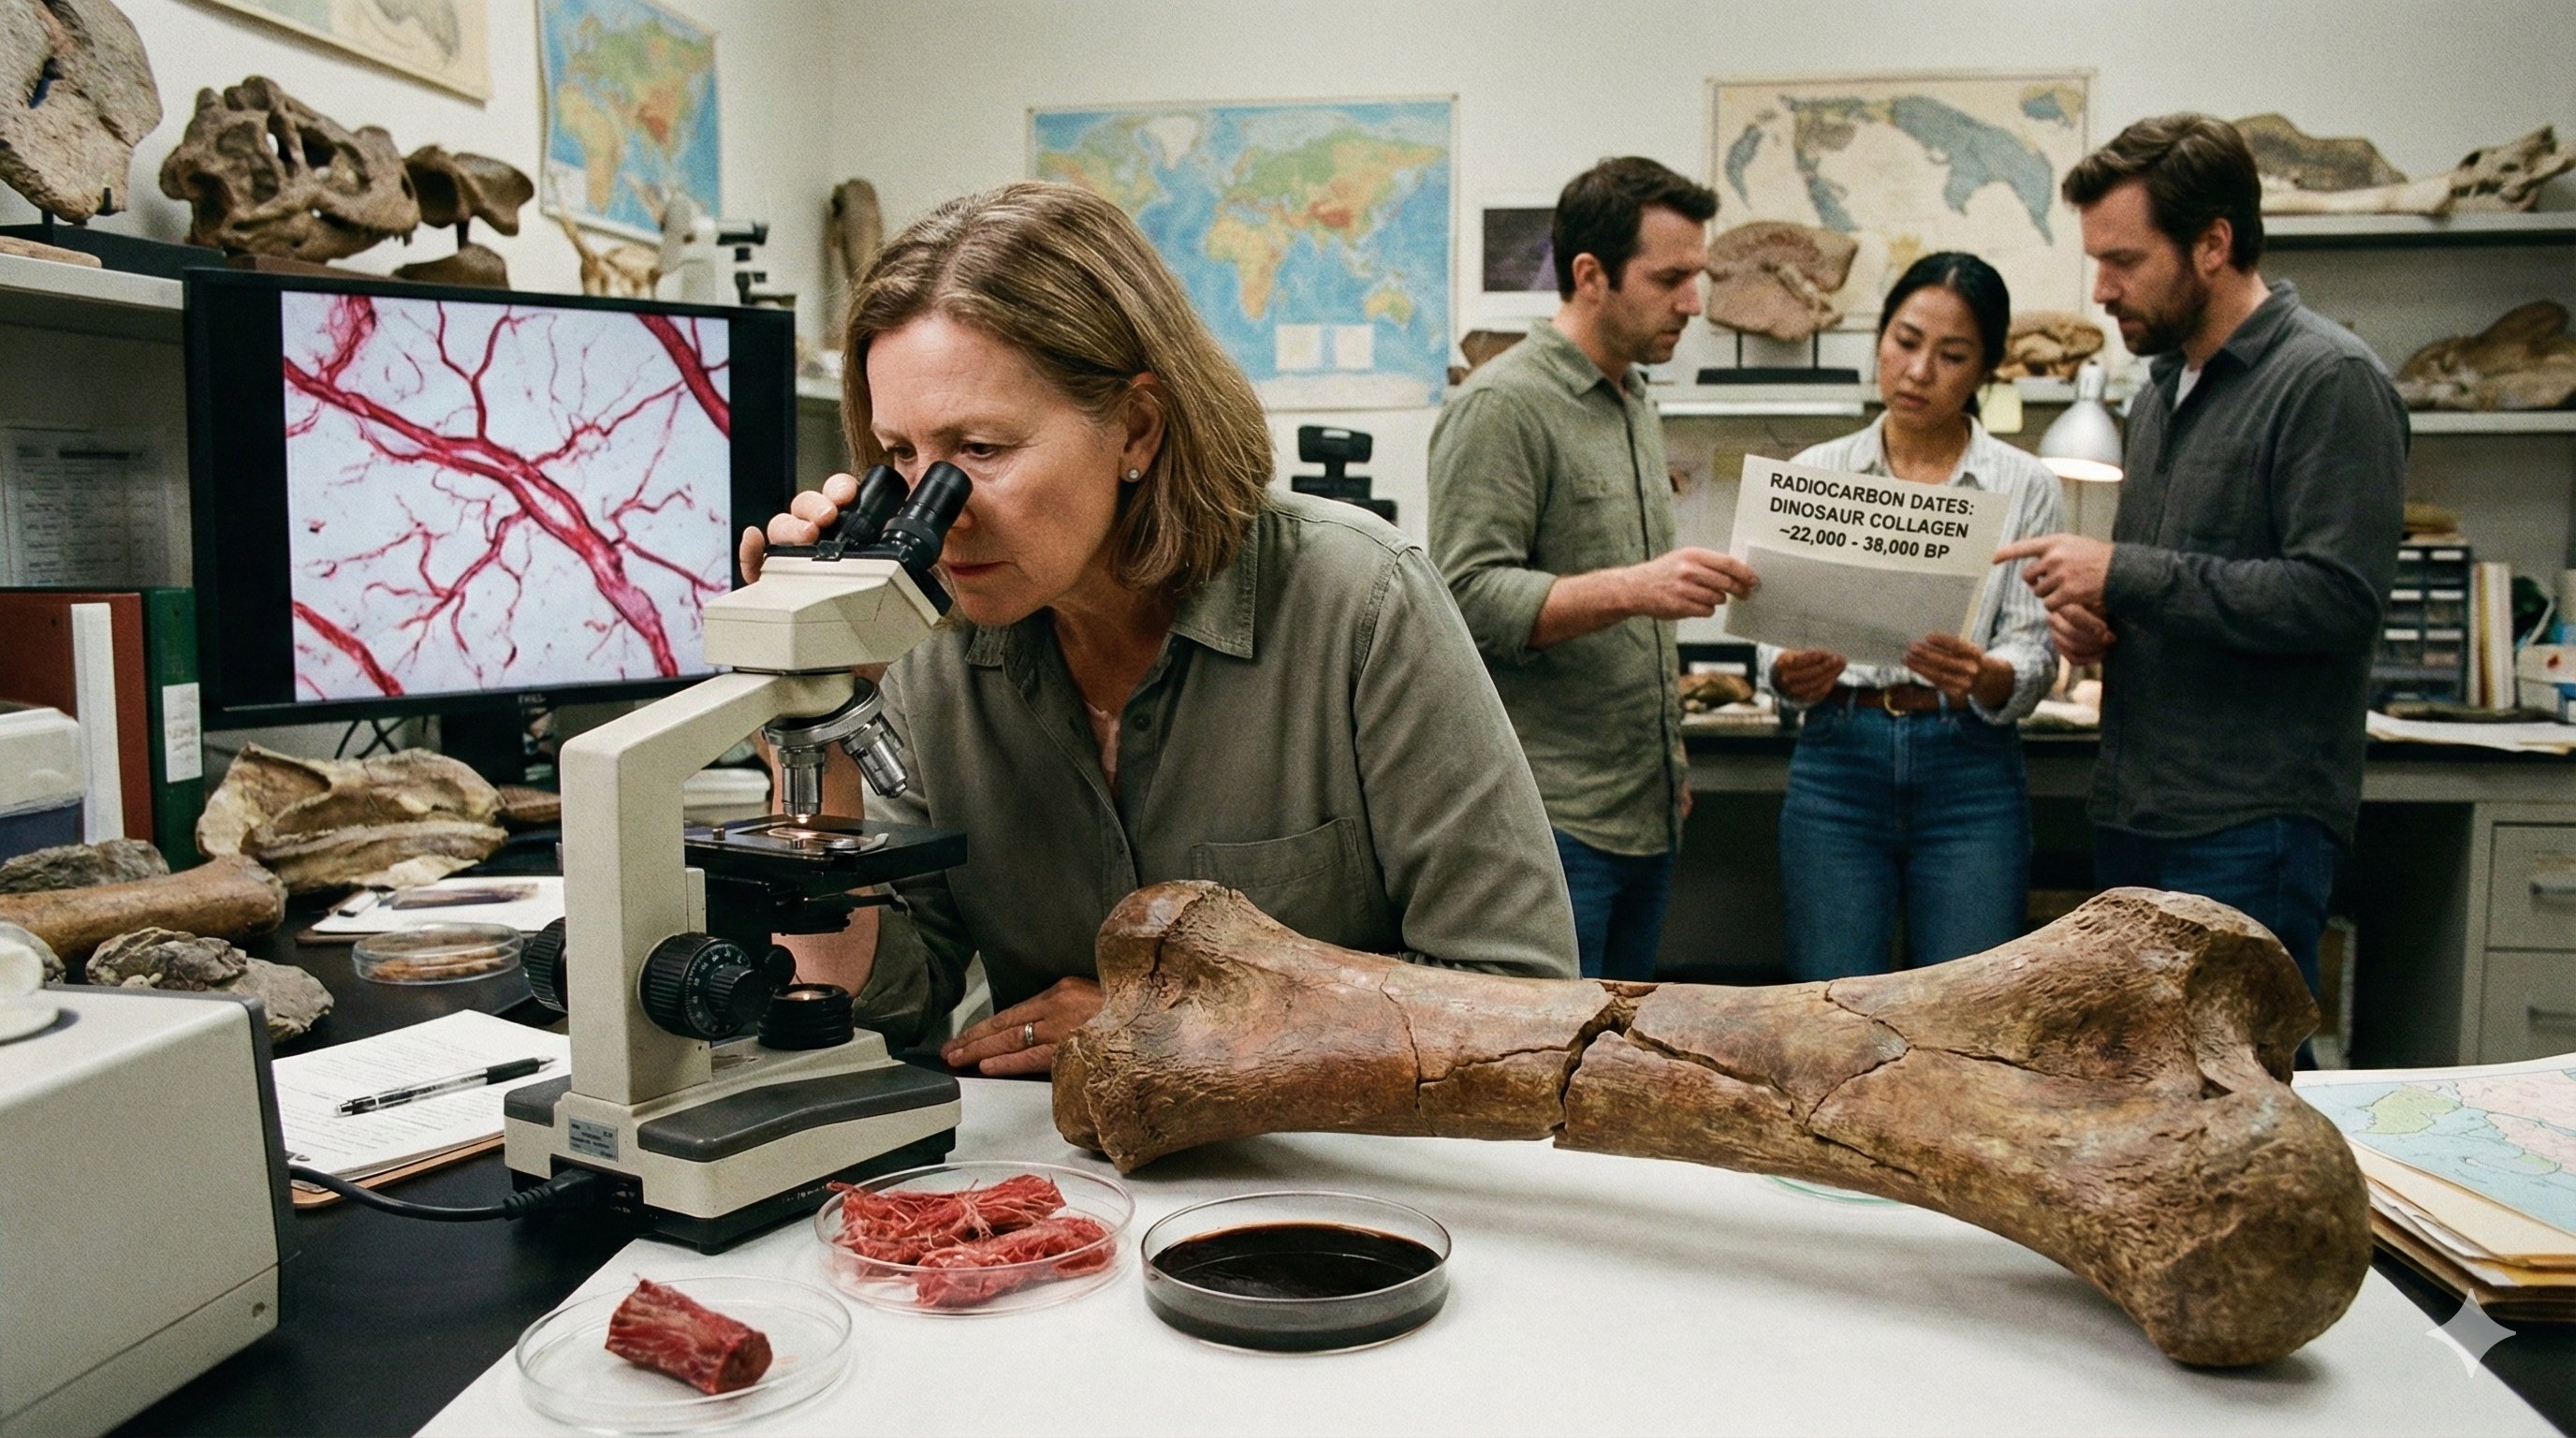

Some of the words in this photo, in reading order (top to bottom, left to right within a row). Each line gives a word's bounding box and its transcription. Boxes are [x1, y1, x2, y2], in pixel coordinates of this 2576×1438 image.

[1770, 472, 1905, 507] RADIOCARBON
[1910, 493, 1974, 515] DATES:
[1770, 496, 1865, 526] DINOSAUR
[1869, 513, 1969, 538] COLLAGEN
[1863, 536, 1919, 556] 38,000
[1924, 543, 1950, 559] BP

WHAT IS EXPECTED
Output nothing but the records, word for word, and none of their pictures.

RESULT FOR THIS EXERCISE
Some of the words in this photo, in reading order (top to bottom, left to right within a row). Each line gives a word's bounding box and its transcription. Boxes are [x1, y1, x2, y2], in pixel coordinates of this 2576×1438 image.

[1770, 472, 1905, 507] RADIOCARBON
[1910, 493, 1974, 515] DATES:
[1770, 496, 1865, 526] DINOSAUR
[1869, 513, 1969, 538] COLLAGEN
[1863, 536, 1919, 556] 38,000
[1924, 543, 1950, 559] BP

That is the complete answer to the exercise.